§ What is needed
Please retype the data below line for line and leave out every picture.

§ Information shown
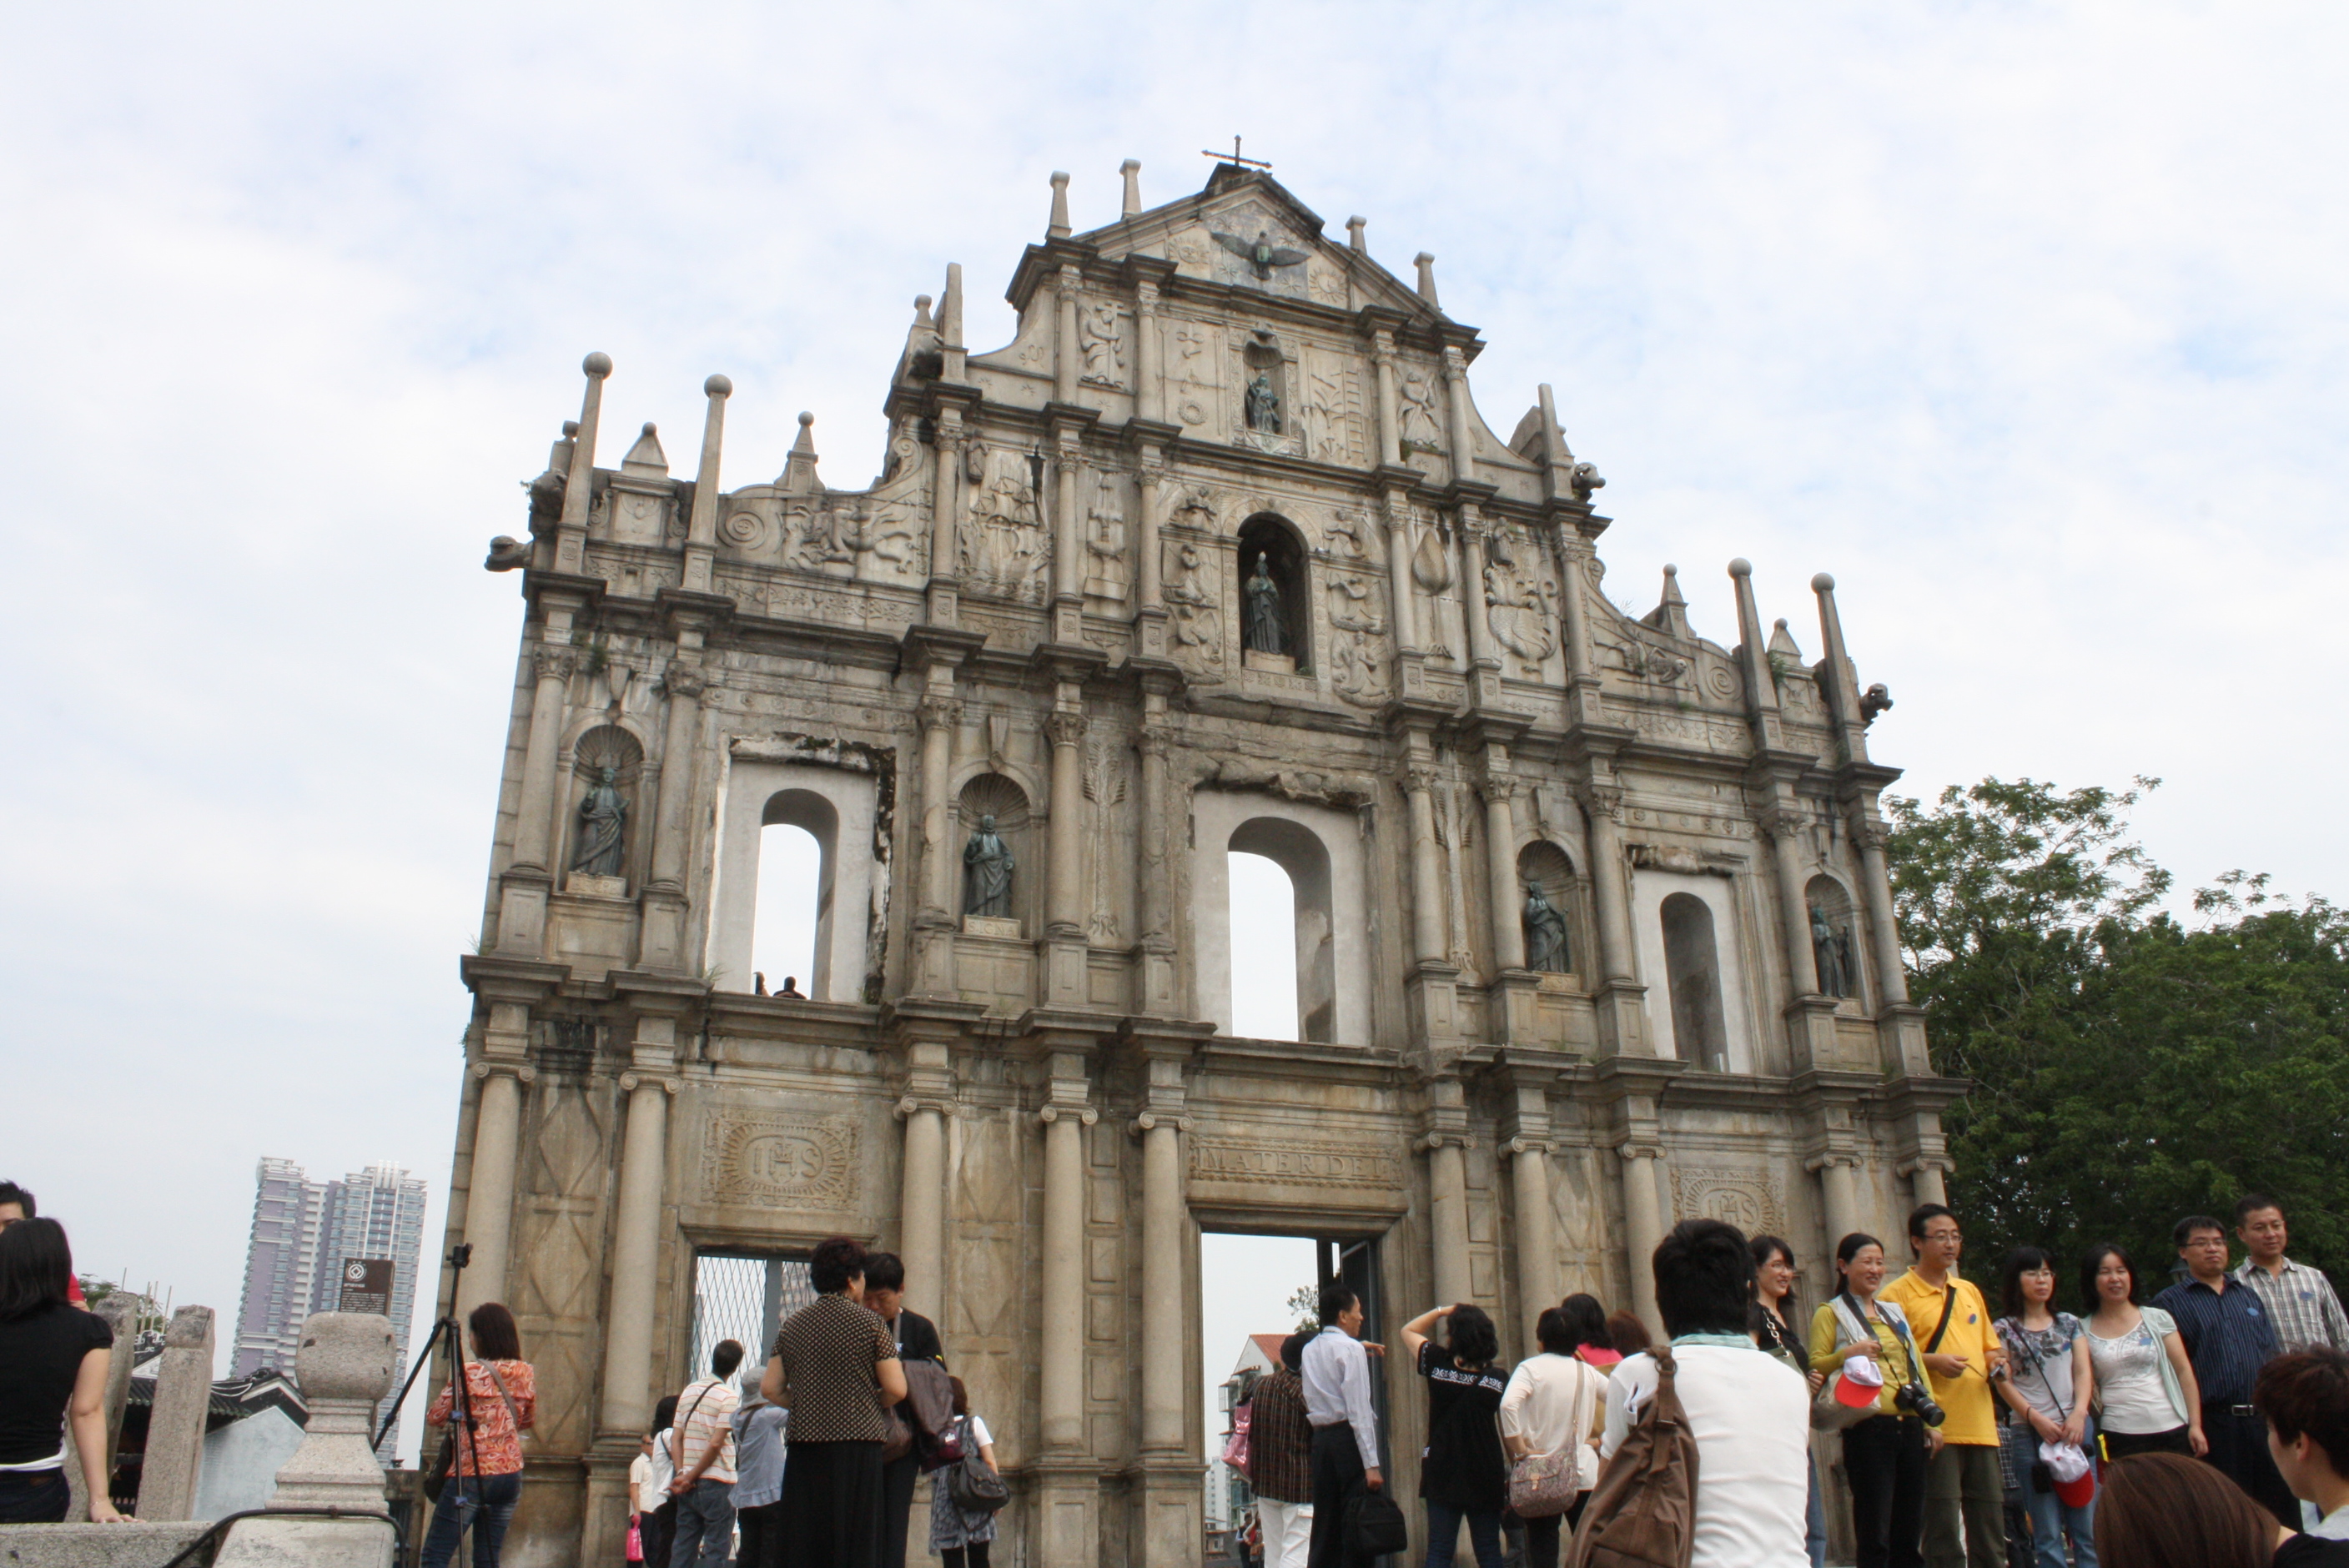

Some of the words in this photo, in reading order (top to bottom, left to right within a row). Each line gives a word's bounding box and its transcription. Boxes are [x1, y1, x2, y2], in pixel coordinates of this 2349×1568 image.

[753, 1146, 820, 1179] IHS
[1200, 1148, 1315, 1175] MATER
[1326, 1156, 1382, 1179] DEI
[1708, 1196, 1756, 1225] IHS

§ Result of the task
Some of the words in this photo, in reading order (top to bottom, left to right within a row). Each line gives a word's bounding box and its transcription. Boxes are [x1, y1, x2, y2], in pixel coordinates of this 2349×1568 image.

[753, 1146, 820, 1179] IHS
[1200, 1148, 1315, 1175] MATER
[1326, 1156, 1382, 1179] DEI
[1708, 1196, 1756, 1225] IHS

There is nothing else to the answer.